**What you will do**
The lines to retype are the one with "Some of the text" and all that follow it to the end of the entries below; copy them exactly and nothing else.

[Extracted records]
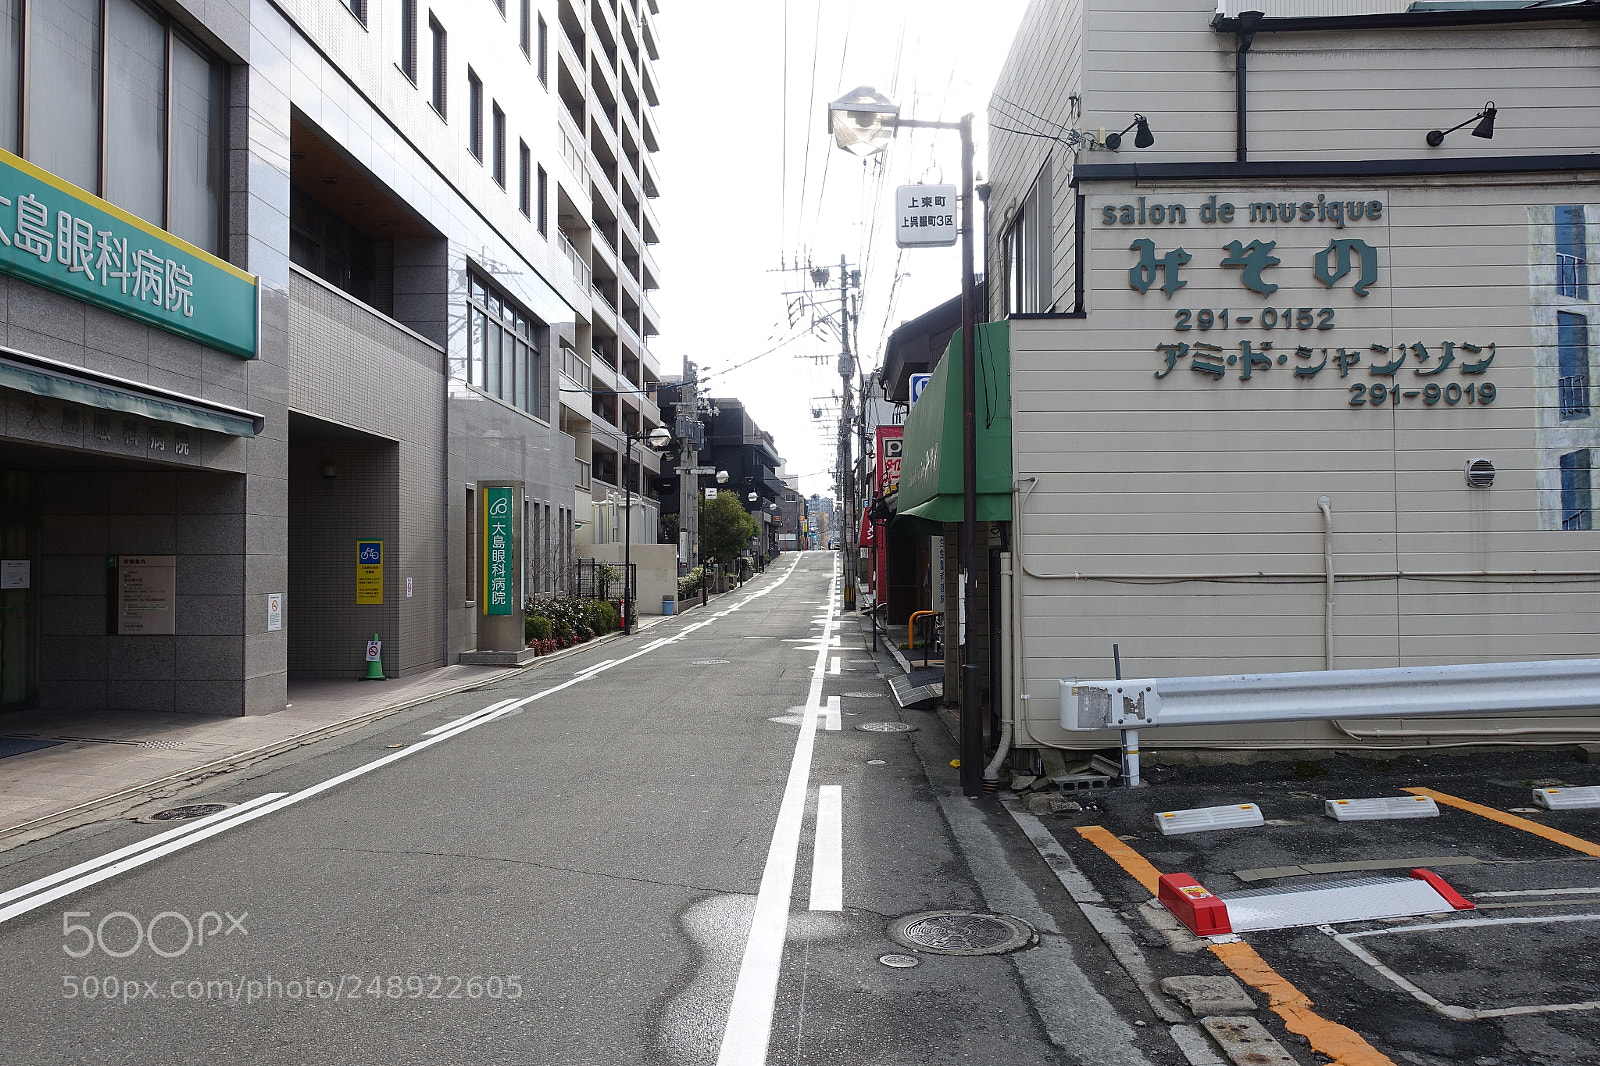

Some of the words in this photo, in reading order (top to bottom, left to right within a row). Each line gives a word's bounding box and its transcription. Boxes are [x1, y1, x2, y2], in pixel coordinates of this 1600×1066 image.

[908, 196, 946, 208] 上東町
[1102, 196, 1187, 225] salon
[1199, 195, 1236, 224] de
[1250, 193, 1383, 230] musique
[0, 193, 194, 318] 島眼科病院
[1128, 238, 1379, 300] みその
[1349, 382, 1497, 406] 291-9019
[887, 441, 902, 456] P
[491, 521, 506, 605] 大島眼科病院
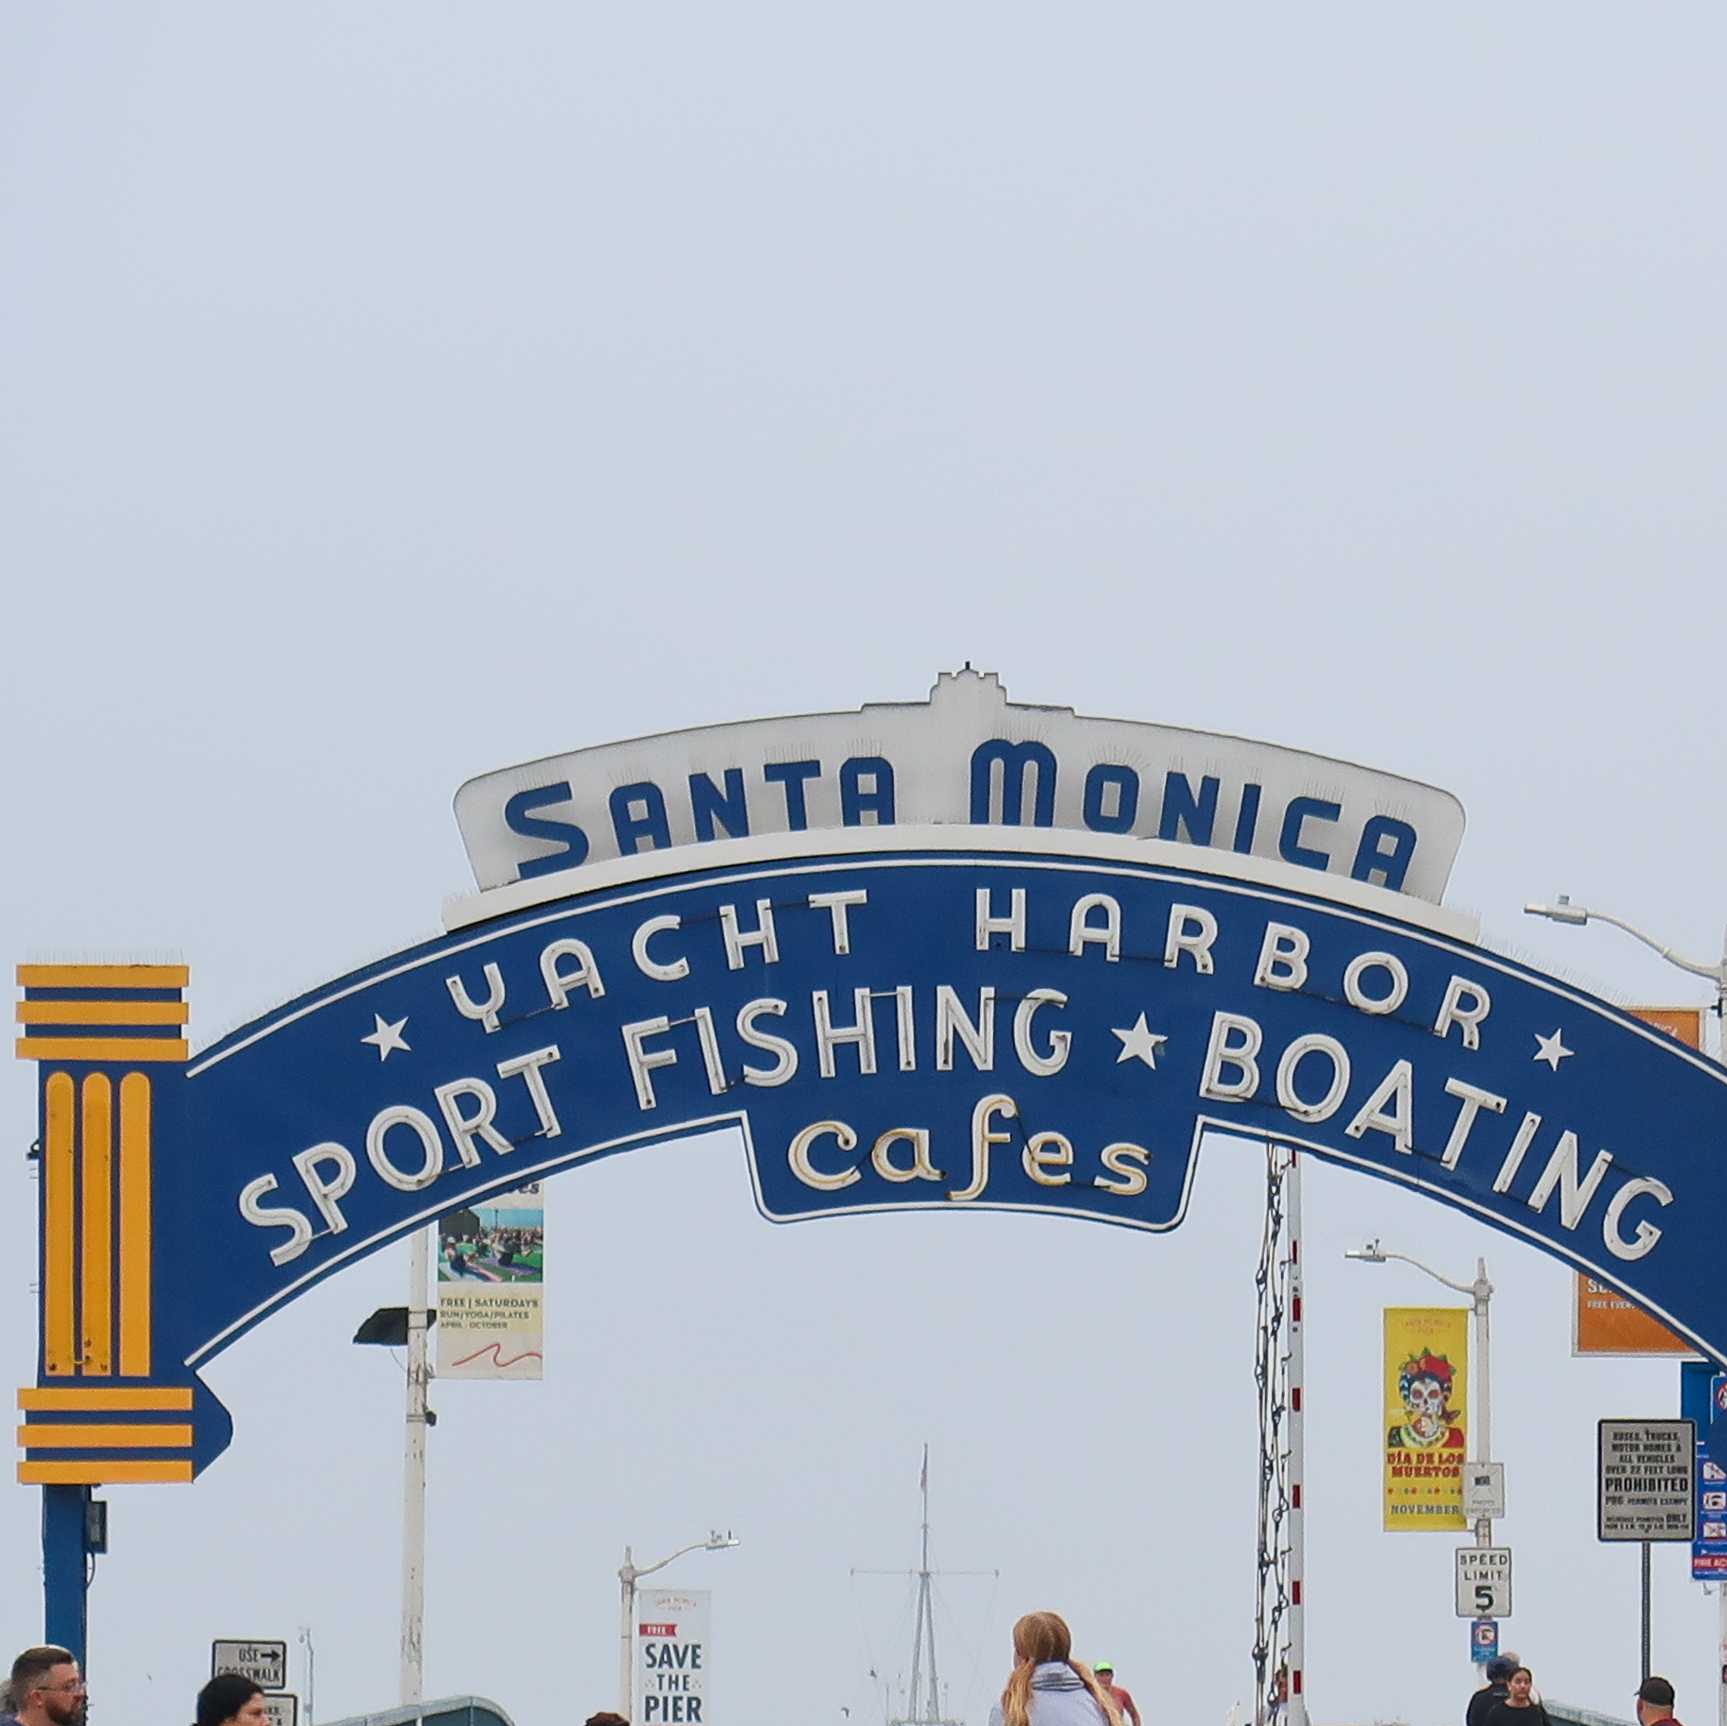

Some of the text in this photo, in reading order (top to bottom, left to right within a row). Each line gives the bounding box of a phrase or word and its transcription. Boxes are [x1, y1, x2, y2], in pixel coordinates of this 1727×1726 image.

[504, 739, 1418, 891] SANTA MONICA
[446, 887, 1492, 1050] YACHT HARBOR
[238, 986, 1674, 1267] SPORT FISHING BOATING
[474, 1298, 539, 1308] SATURDAYS
[1416, 1452, 1434, 1465] DE
[1438, 1452, 1464, 1465] LOS
[1391, 1466, 1460, 1479] MUERTOS
[1605, 1478, 1688, 1492] PROHIBITED
[1391, 1504, 1460, 1515] NOVEMBER
[1460, 1555, 1508, 1566] SPEED
[1464, 1570, 1503, 1581] LIMIT
[1475, 1585, 1494, 1611] 5
[239, 1648, 259, 1662] USE
[645, 1643, 702, 1669] SAVE
[656, 1674, 690, 1691] THE
[644, 1695, 702, 1723] PIER

**Solution**
Some of the text in this photo, in reading order (top to bottom, left to right within a row). Each line gives the bounding box of a phrase or word and its transcription. Boxes are [x1, y1, x2, y2], in pixel coordinates of this 1727×1726 image.

[504, 739, 1418, 891] SANTA MONICA
[446, 887, 1492, 1050] YACHT HARBOR
[238, 986, 1674, 1267] SPORT FISHING BOATING
[474, 1298, 539, 1308] SATURDAYS
[1416, 1452, 1434, 1465] DE
[1438, 1452, 1464, 1465] LOS
[1391, 1466, 1460, 1479] MUERTOS
[1605, 1478, 1688, 1492] PROHIBITED
[1391, 1504, 1460, 1515] NOVEMBER
[1460, 1555, 1508, 1566] SPEED
[1464, 1570, 1503, 1581] LIMIT
[1475, 1585, 1494, 1611] 5
[239, 1648, 259, 1662] USE
[645, 1643, 702, 1669] SAVE
[656, 1674, 690, 1691] THE
[644, 1695, 702, 1723] PIER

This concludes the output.